The hand was sustained with a 3D printed cage connected to force sensors in lateral and palmar position to measure the lateral and vertical forces, respectively. During the finger contractions the setup was slightly changed. The target finger was constrained inside an additional 3D printed structure connected to another force sensor to measure the exerted force along the direction normal to the surface of the finger tip (Figure 1a,b). Forces were measured with an Arduino board sampling at 10 Hz.

Each subject had to perform five different isometric tasks at two levels of force, 25% and 50% of maximum voluntary contraction (MVC). The isometric tasks executed were the following:

• Middle finger metacarpophalangeal joint (MCP) extension
• Wrist flexion
• Wrist extension
• Ulnar deviation
• Index finger MCP extension

Each of the listed tasks was repeated 15 times. Each repetition consisted of a 2 s force raising, 5 s force holding, 2 s release and 15 s of rest. For the purpose of this analysis, the first two and the last two contractions has not been considered to avoid effect of adaptation and fatigue, therefore all the analysis was conducted on 11 repetitions. An additional contraction at maximum force has been done prior to each type of task, in order to set the MVC force value.

Since the main responsible for index finger MCP extension, extensor indicis muscle, is located in a more distal section of the forearm compared to the muscles involved in the other considered task, in this work, the index finger MCP extension was not considered.

The HD-sEMG has been acquired with four custom designed electrodes’ sheets wrapped around the forearm at different lengths around the forearm, so to cover as much of it as possible. The forearm skin was cleaned with alcohol previous to attach the HD-sEMG sheets. Each electrodes’ sheet had $16\times 4$ electrodes and a total of 256 channels were acquired on the forearm. Two different sized sheets were used depending on the size of the subject’s forearm: a shorter sheet of 195 mm $\times 52$ mm size with 10 mm $\times 19.5$ mm inter-electrode spacing, and a longer sheet of 270 mm $\times 52$ mm size with 15 mm $\times 19.5$ mm inter-electrode spacing. For the purpose of this work a single row of electrode properly selected around the forearm was considered.

The signal was acquired with a RHD2000 Evaluation System (Intan Technology, City, State USA) with a 2500 Hz sampling frequency with no prior analog filtering.
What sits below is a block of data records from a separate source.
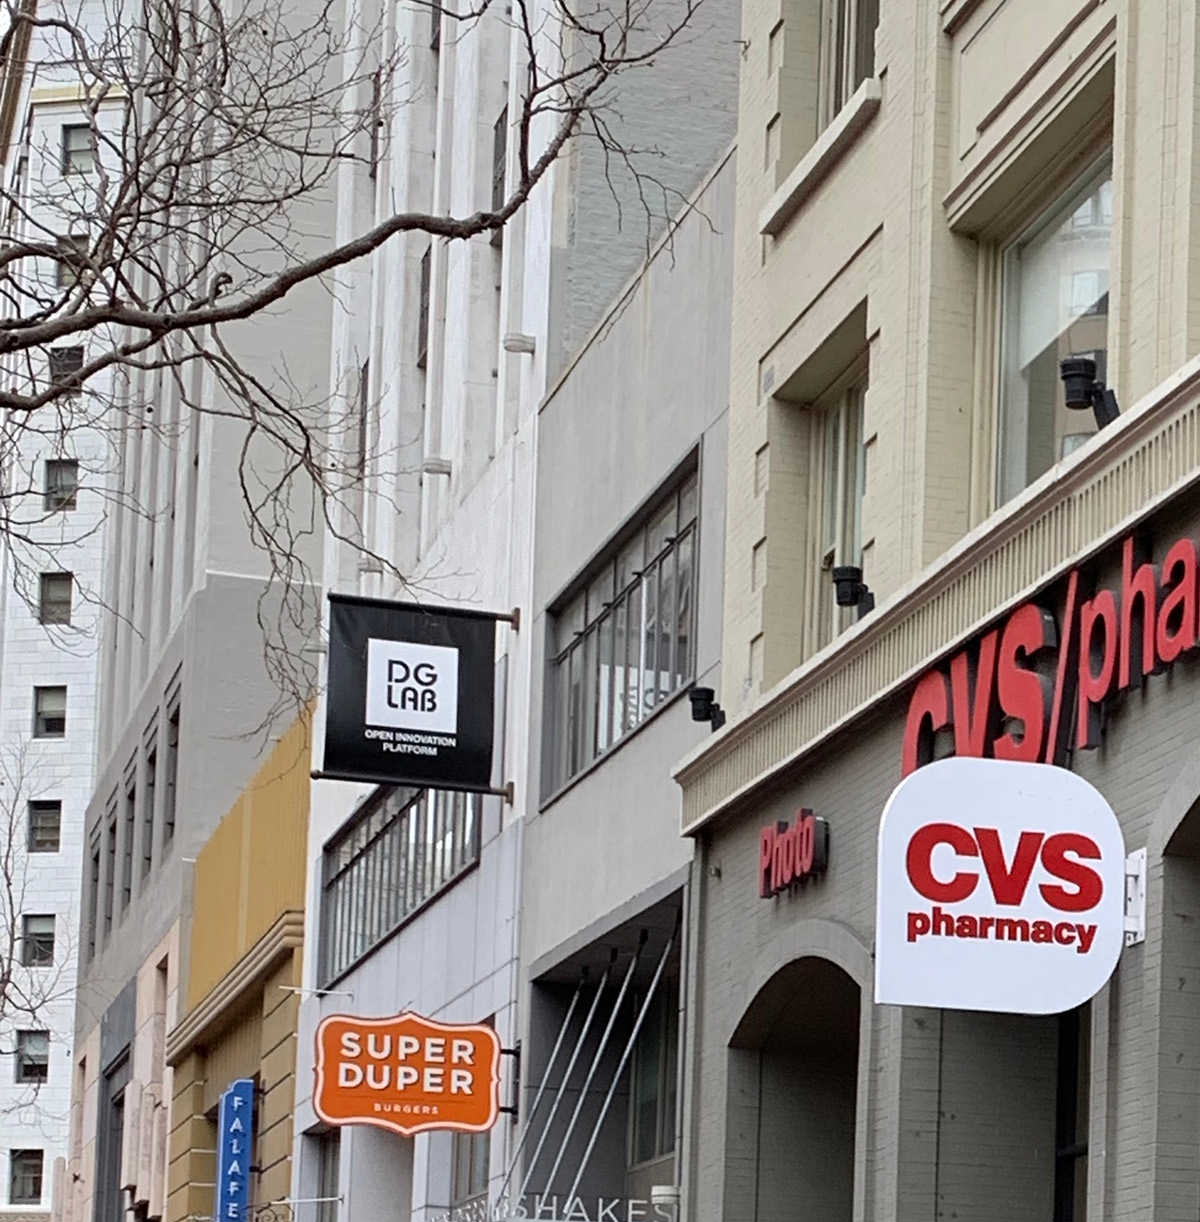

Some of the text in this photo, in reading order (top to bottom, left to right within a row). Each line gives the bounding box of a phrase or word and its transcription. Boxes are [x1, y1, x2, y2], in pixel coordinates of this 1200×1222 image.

[387, 659, 438, 686] DG
[387, 684, 438, 712] LAB
[364, 729, 457, 747] OPEN INNOVATION
[383, 743, 438, 756] PLATFORM
[759, 808, 817, 899] Photo
[905, 822, 1104, 913] CVS
[906, 906, 1098, 954] pharmacy
[340, 1031, 475, 1065] SUPER
[338, 1062, 474, 1095] DUPER
[373, 1103, 439, 1115] BURGERS
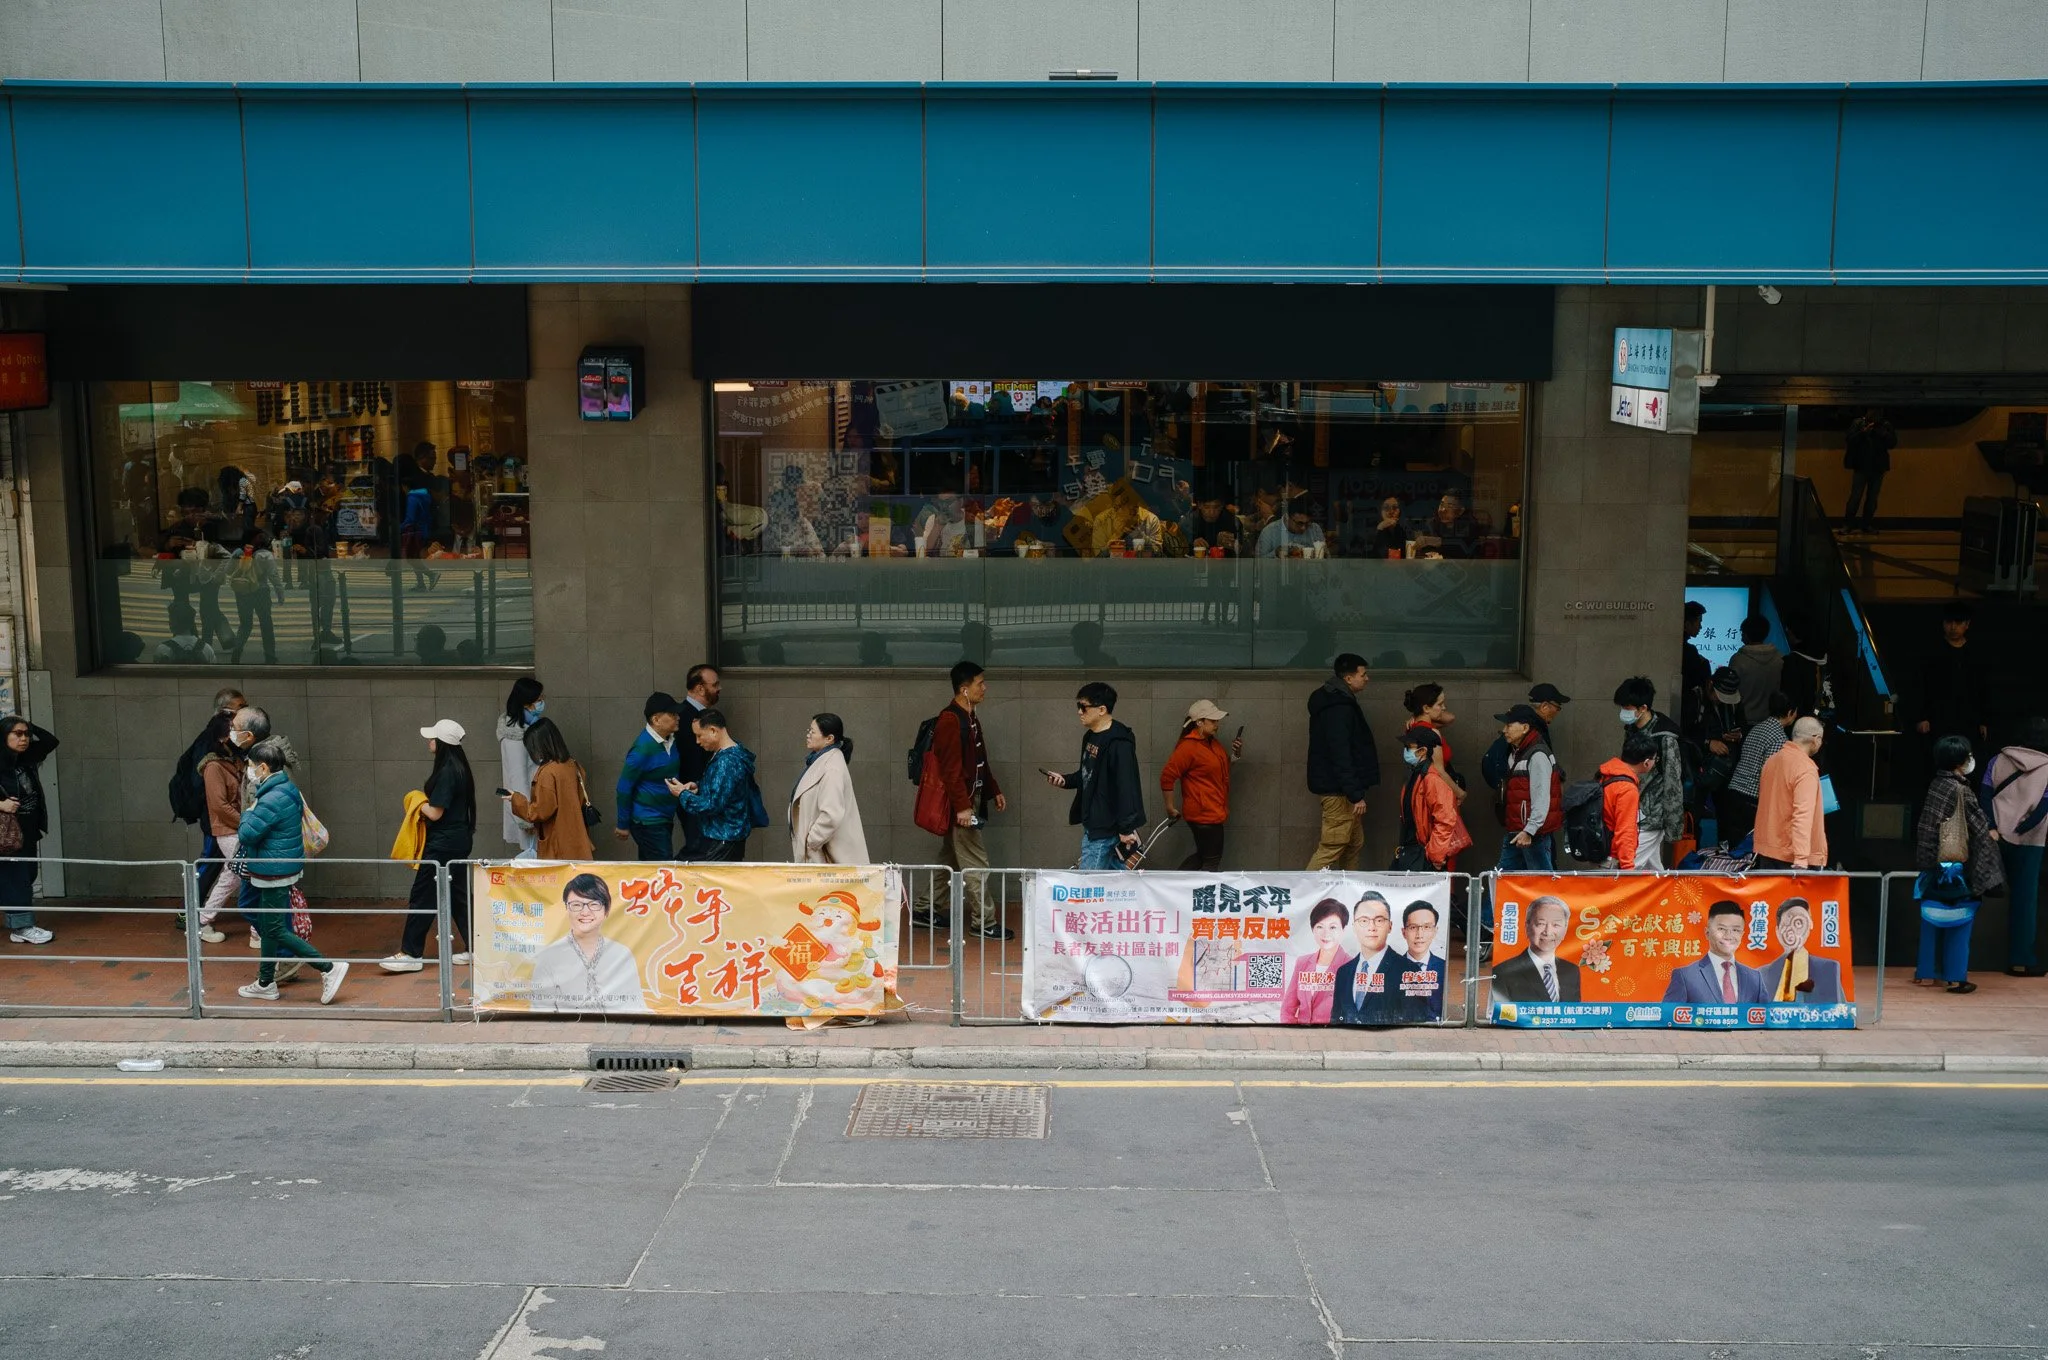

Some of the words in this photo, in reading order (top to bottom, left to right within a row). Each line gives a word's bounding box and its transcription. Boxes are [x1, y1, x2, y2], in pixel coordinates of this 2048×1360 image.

Additional adhesive electrodes were placed on the radial styloid and at the metacarpophalangeal joint level of the thumb as, respectively, ground and reference (Figure 1).

The position of the electrodes and of the anatomical references marked in the MRI were recorded with a Polhemus Fastrak 3D digitizer system (Polhemus, Colchester, VT, USA). The forearm was susequently wrapped with an elastic bandage to keep the electrodes sheet adherent to the skin.

The sEMG measurements were collected for all tasks in a single session, a few days after the MRI acquisition.

3. Proposed Method

We propose a method that allows the estimation of the muscle activation pattern from a selected MRI slice and the EMG signals collected from electrodes around the selected section. The conductive volume and the interaction between the different tissues is described with a lumped parameter model that can be represented with a graph.

The method simplify the solution of the inverse problem for the identification and the quantification of the activity of muscles involved. The conductive properties in a selected section of the arm is described with a resisitive network connecting the different tissue elements and the electrodes. The MRI section is chosen in order to include the muscles responsible for the target movements.

Muscles are identified with a segmentation step and, along with the electrodes, identify the nodes of a graph which edges are defined based on the anatomy observable from the MRI slice. The model is then solved assuming the muscles as current generators placed on muscle nodes to obtain an estimation of muscles activity.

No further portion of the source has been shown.